### Problem
Leaving the pictures aside, transcribe the data below exactly.

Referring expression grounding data
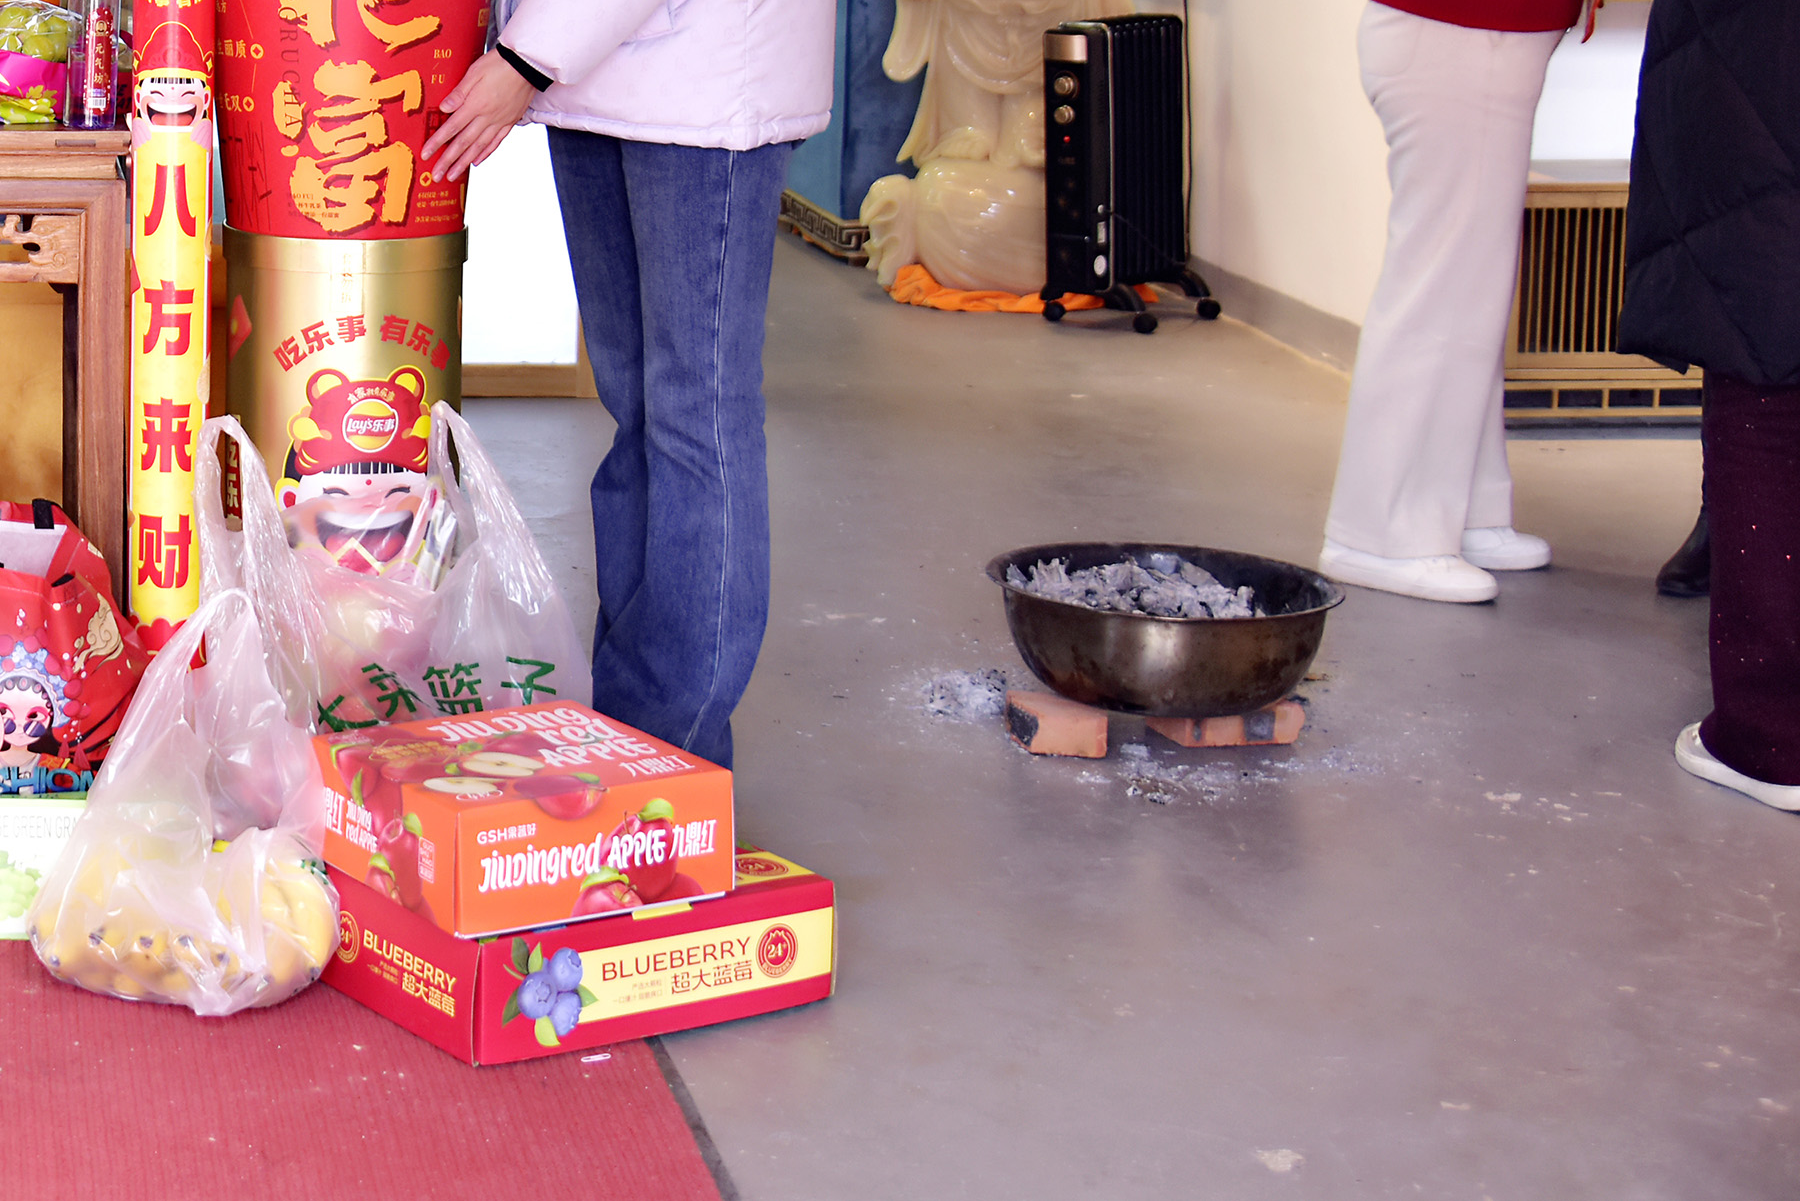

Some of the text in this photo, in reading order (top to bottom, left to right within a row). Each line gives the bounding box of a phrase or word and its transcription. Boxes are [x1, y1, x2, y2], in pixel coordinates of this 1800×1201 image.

[434, 49, 452, 59] BAO
[431, 74, 446, 84] FU
[273, 314, 451, 372] 吃乐事 有乐事
[137, 162, 201, 589] 八方来财
[347, 417, 396, 435] Lay's乐事
[620, 755, 696, 777] 九鼎红
[606, 829, 667, 870] APPLE
[669, 819, 717, 859] 九鼎红
[363, 929, 457, 993] BLUEBERRY
[602, 936, 751, 981] BLUEBERRY
[671, 959, 753, 995] 超大蓝莓
[401, 971, 456, 1018] 超大蓝莓

### Response
Some of the text in this photo, in reading order (top to bottom, left to right within a row). Each line gives the bounding box of a phrase or word and its transcription. Boxes are [x1, y1, x2, y2], in pixel coordinates of this 1800×1201 image.

[434, 49, 452, 59] BAO
[431, 74, 446, 84] FU
[273, 314, 451, 372] 吃乐事 有乐事
[137, 162, 201, 589] 八方来财
[347, 417, 396, 435] Lay's乐事
[620, 755, 696, 777] 九鼎红
[606, 829, 667, 870] APPLE
[669, 819, 717, 859] 九鼎红
[363, 929, 457, 993] BLUEBERRY
[602, 936, 751, 981] BLUEBERRY
[671, 959, 753, 995] 超大蓝莓
[401, 971, 456, 1018] 超大蓝莓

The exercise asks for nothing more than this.